弘人の蹴りはそんな隙を突き、アンバーの胸を捉えた。本来胸にあるはずの無い、鉱物のような硬い感触が靴底から脚へと伝う。

「ぐッ!?」

 先程の腹部への攻撃とは違い、今度は明確にアンバーの表情が歪んだ。

「壊れたのか!?」

『まだだ。一撃で壊れる訳が無い』

 白薊の言葉の通り、後方へ飛び退いたアンバーは直ぐに体勢を立てなおした。

「どうして。どうして紫乃ちゃんを殺したんですか?」

 アンバーは胸に手を当て、俯いたままそう呟く。

「紫乃ちゃんは優しくて、強くて、それで……」

 けれどその様子はどこかおかしい。魔晶へのダメージからか手足は小刻みに震え、俯いたまま隙だらけで立っている。

白薊にはそう見えている。

『よくわからないが今の内だ。魔晶を破壊し――』

「黙れ。今動けば俺が死ぬ」

 白薊が言い切る前に弘人はその言葉を遮った。

 様子が変わったのはアンバーだけではない。彼女と相対する弘人もまた同様だった。

『……どういうことだい? 君には、何が見えている?』

 その問いは全く持って見当違いだった。今の弘人に特別なものなど何一つ見えていない。

けれど、今の弘人には、何も見えている必要は無い。

「どうして、紫乃ちゃんだったんですか?」

『ッ!? 避けろッ!』

 跳躍は一瞬だった。白薊の声が電波の力で弘人の耳に届くより早く、アンバーの槍が弘人の頭を貫く。

 その筈だった。

「あれ?」

 しかし弘人はその頭を僅かに傾け、最小限の動きで高速の一突きを躱していた。まるで、そこに来るのがはじめからわかっていたかのように。

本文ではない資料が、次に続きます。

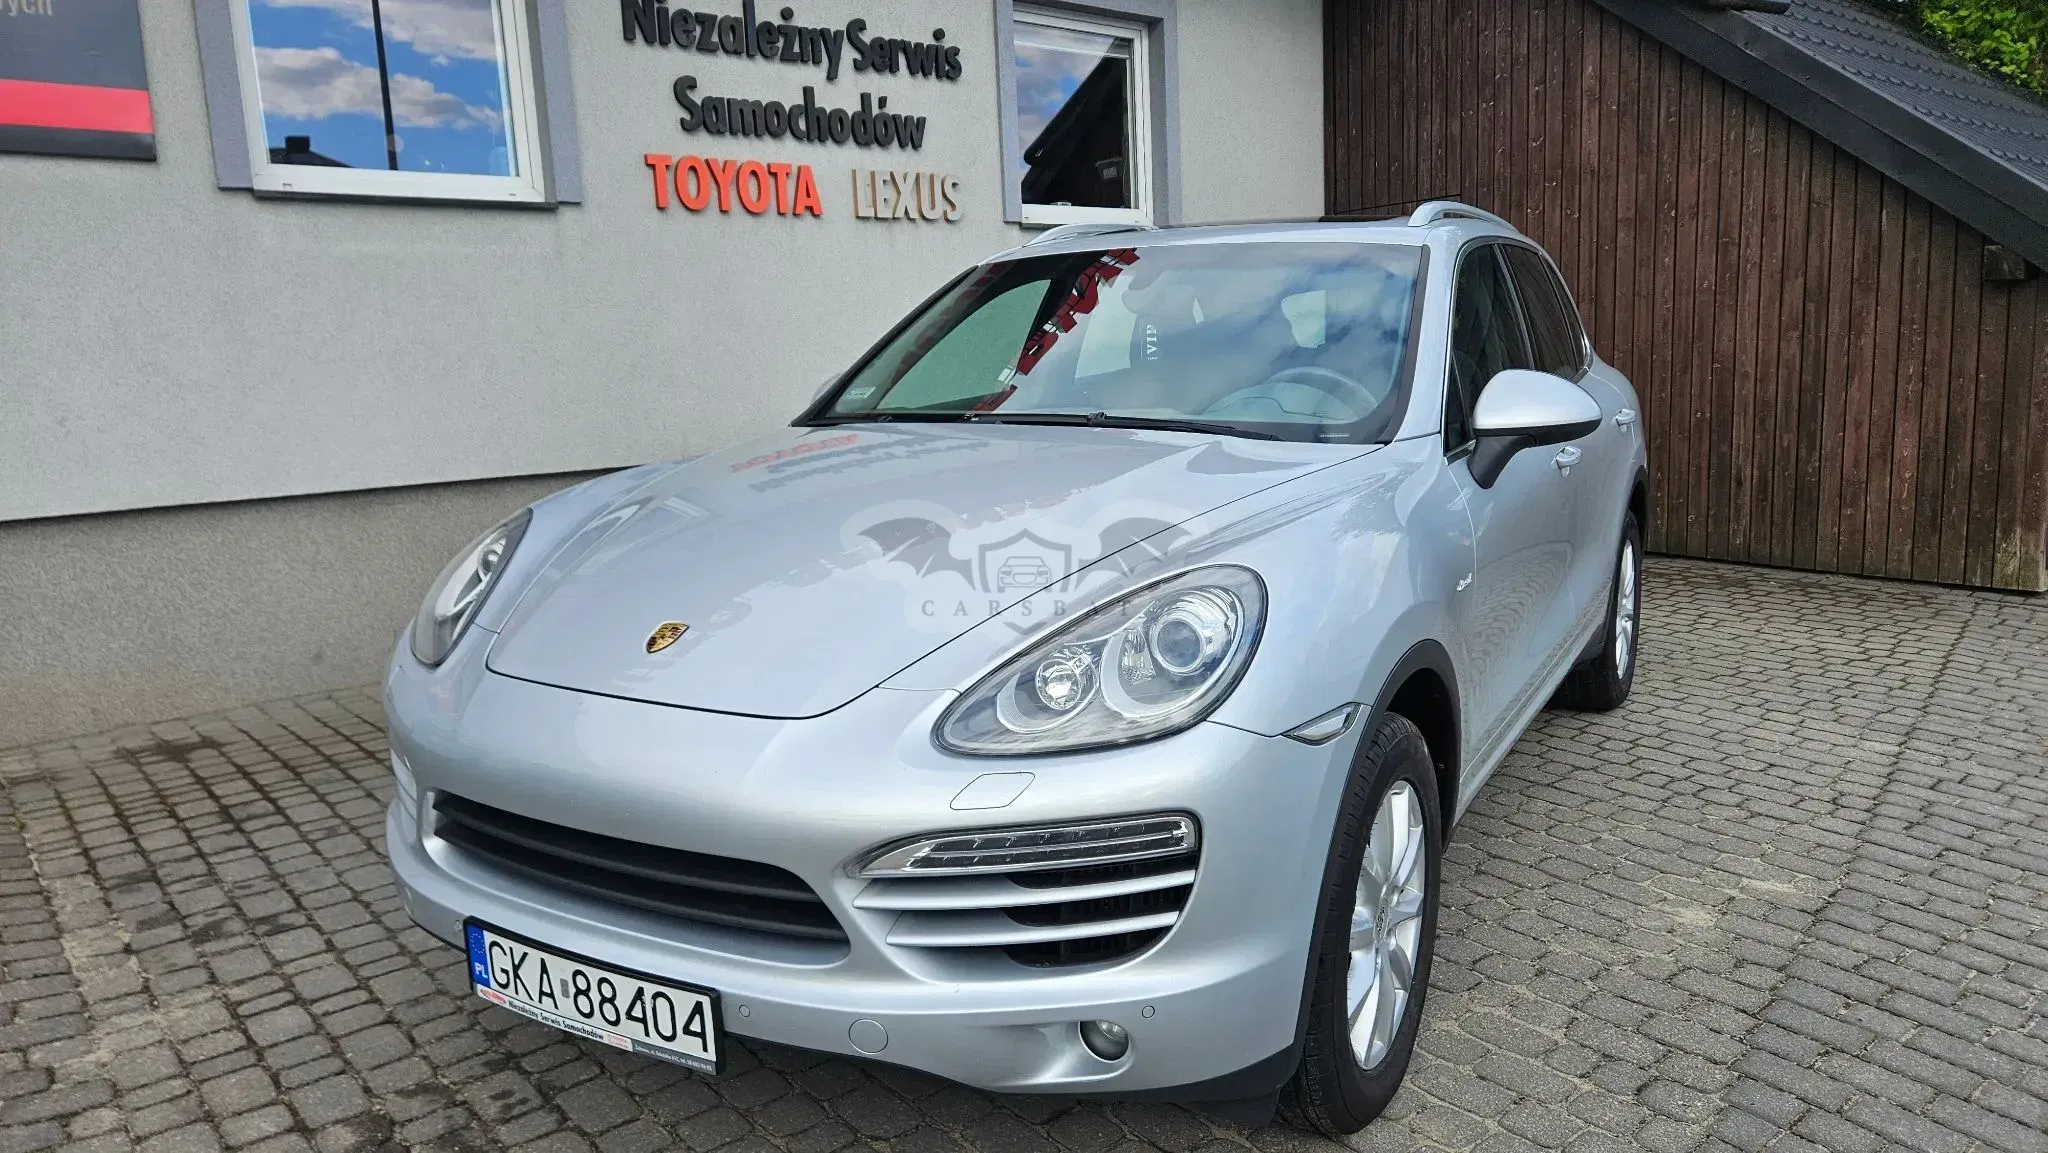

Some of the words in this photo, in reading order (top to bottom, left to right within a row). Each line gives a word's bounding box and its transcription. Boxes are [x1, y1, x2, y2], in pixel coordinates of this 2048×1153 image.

[619, 0, 845, 80] Niezależny
[846, 17, 963, 80] Serwis
[673, 75, 927, 150] Samochodów
[644, 153, 823, 216] TOYOTA
[852, 168, 965, 221] LEXUS
[474, 963, 488, 979] PL
[488, 940, 560, 1010] GKA
[571, 969, 709, 1053] 88404
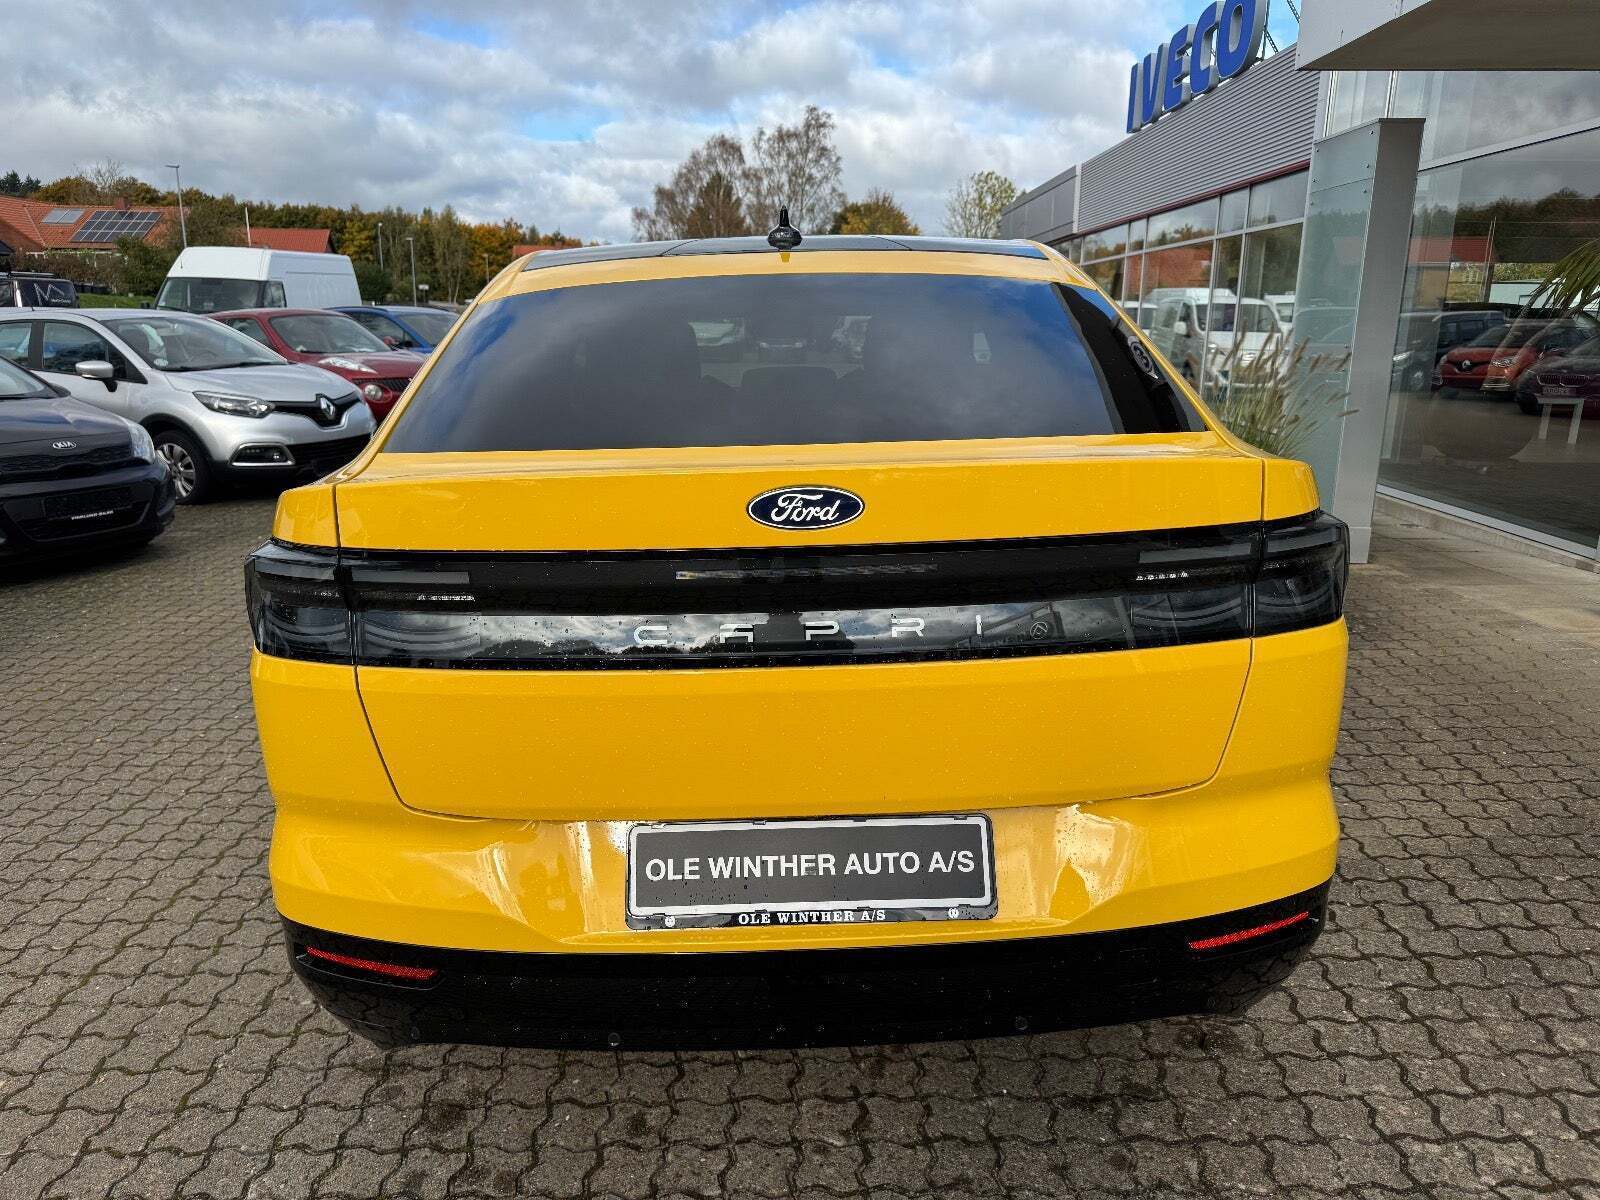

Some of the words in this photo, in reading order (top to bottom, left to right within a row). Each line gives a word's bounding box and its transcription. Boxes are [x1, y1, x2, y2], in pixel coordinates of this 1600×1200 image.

[1126, 0, 1265, 134] IVECO
[53, 441, 76, 450] KIA
[770, 493, 841, 522] Ford
[633, 614, 982, 646] CAPRI
[645, 857, 701, 882] OLE
[707, 853, 836, 879] WINTHER
[844, 851, 920, 875] AUTO
[928, 850, 975, 873] A/S
[738, 912, 771, 925] OLE
[776, 909, 855, 924] WINTHER
[860, 909, 886, 922] A/S

 驚きにより出来た隙を突くように、弘人の蹴りが再びアンバーの胸に突き刺さる。

「ぅぐッ!?」

 アンバーは持っていた槍を手放し、再び後方へ飛び退く。そんな彼女を追うように、弘人の足は既に前方へと駆け出していた。

 アンバーは両腕を胸の前で交差する。再び来る魔晶への攻撃を防ぐために。

 しかし次の衝撃は、彼女の腹部に直撃した。

「かはッ!?」

 ほんの一瞬、アンバーの呼吸が停止する。それが一瞬で済んだのは、肉体強化の恩恵だろう。

 アンバーは両手に剣を生成すると、目の前を全力で切り裂いた。しかし手に伝わるのは空を切る感覚のみ。そこに弘人の姿は無い。

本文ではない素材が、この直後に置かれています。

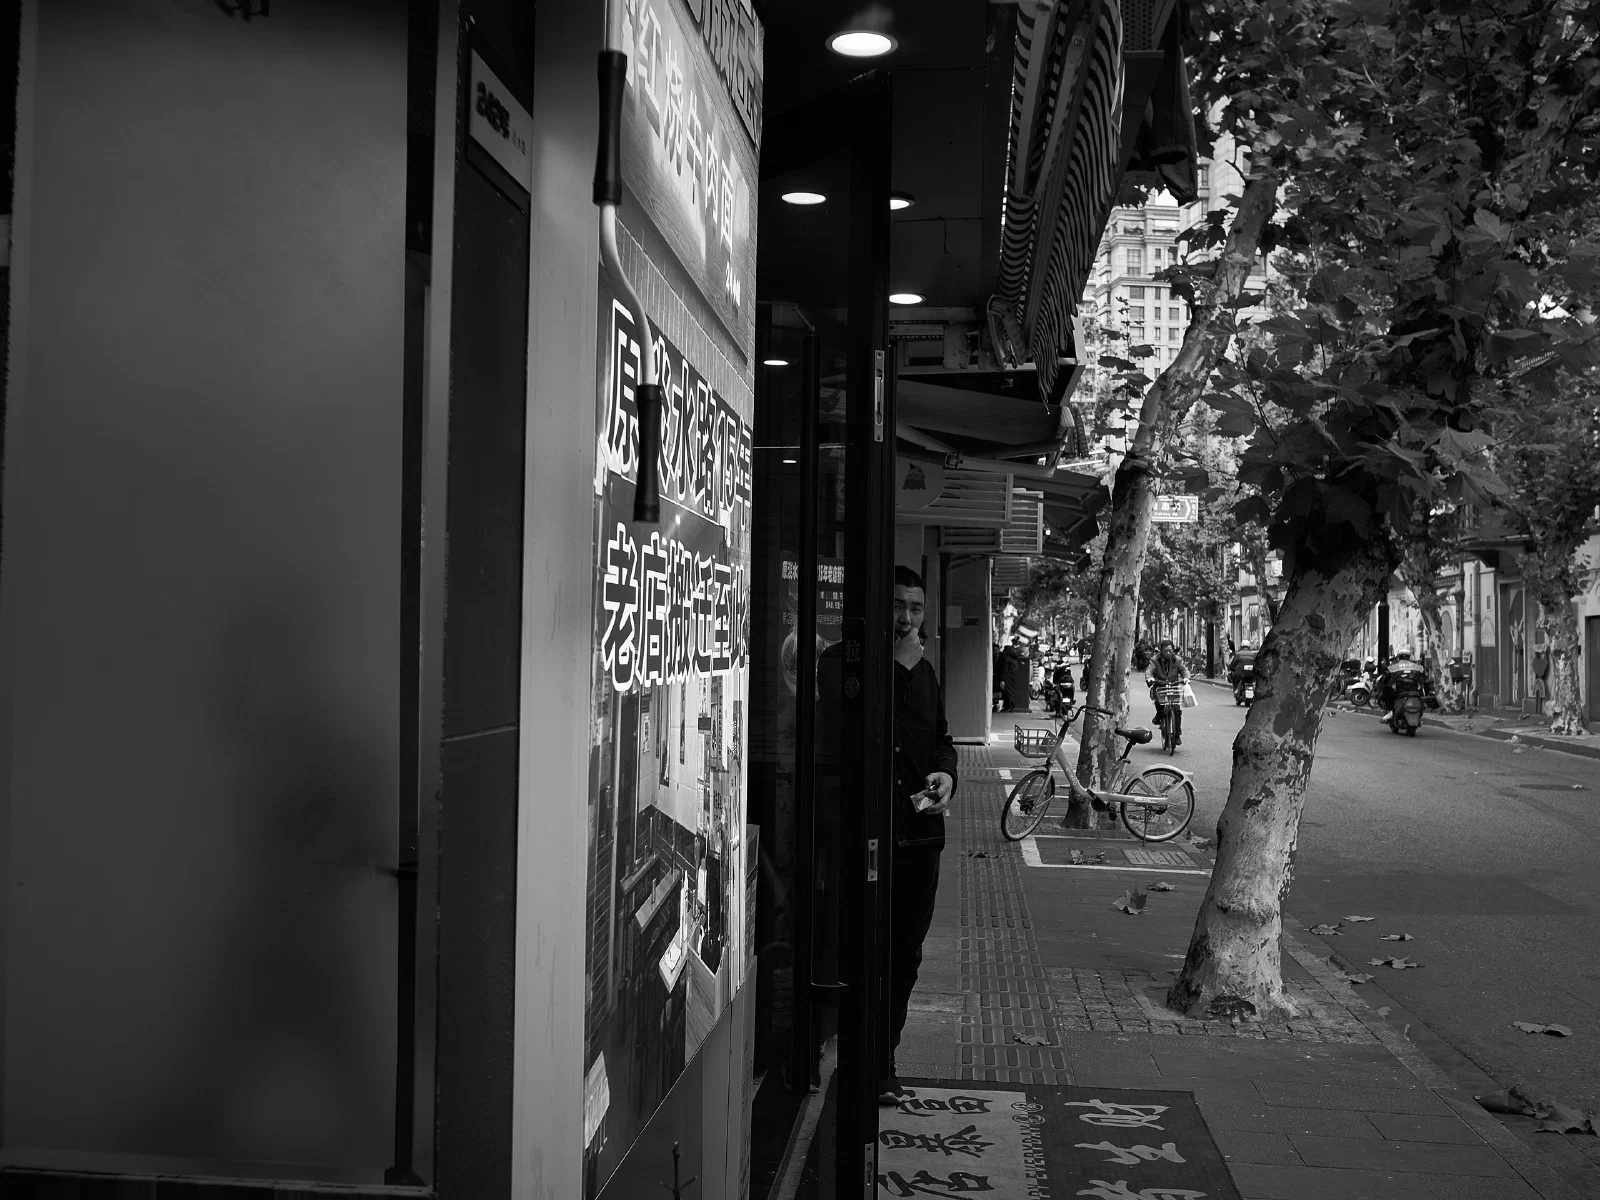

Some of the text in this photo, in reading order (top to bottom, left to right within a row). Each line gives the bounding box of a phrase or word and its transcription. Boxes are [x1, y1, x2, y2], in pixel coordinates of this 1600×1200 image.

[637, 0, 734, 254] 红烧牛肉面
[602, 522, 748, 692] 老店搬迁至此
[845, 639, 861, 664] 拉
[1019, 1122, 1048, 1180] EVERYDAY

 弘人の姿はアンバーの視界の外。地面に張り付くように、大きく体勢を低くしていた。

胸、腹と意識を分散させた弘人の次の狙いは脚だった。

「えっ?」

 足への衝撃と共にアンバーの視界が揺れる。天地が逆転していくその感覚は、右半身への衝撃と共に九十度で停止した。

 気が付けばアンバーの体は、地面へと横たわっていた。

 何が起きているのか。理解の追い付かないアンバーの視界に影が覆い被さる。それは彼女のものより大きな男の手。石黒弘人の右手だった。

アンバーの頭を掴んだ弘人は、それを思い切り地面に叩きつける。

「ぐぅぁッ」

 少女の短い悲鳴が冷たい空気を切り裂いた。

魔法少女の肉体強化は外部からの衝撃に対して有効に働く。故に頭を思い切り地面に叩きつけられたところで、大したダメージは無く外傷には至らない。

けれど。

二度三度、衝撃が続いた。その度に唸るような低い声が何度もアンバーの口から漏れ出る。脳が揺れる。視界が揺らぐ。思考が飛ぶ。確実に、死が近づいてくる。

「うあぁぁッ!」

四度目の衝撃と同時に弘人はその手を離し、自宅の方へと走り出した。

「おい、白薊! アイツが動き出したら教えろ!」

『わ、わかった。任せてくれ』

 石黒家は二階建ての一軒家だ。弘人は急いで玄関を開けると、靴を履いたまま階段を駆け上がる。階段から見て右側奥の部屋。扉を開けると見慣れた部屋の光景が部屋の主を迎えた。

『アンバーが立ち上がった』

 白薊の声は弘人の予想よりも早くその耳に届いた。弘人は急いで一本の金属バットを手に取る。そして自室の窓を開け放ち、窓の外を確認すると。

「この距離ならいけるか」

 小さくそう呟き、窓枠に足を掛けた。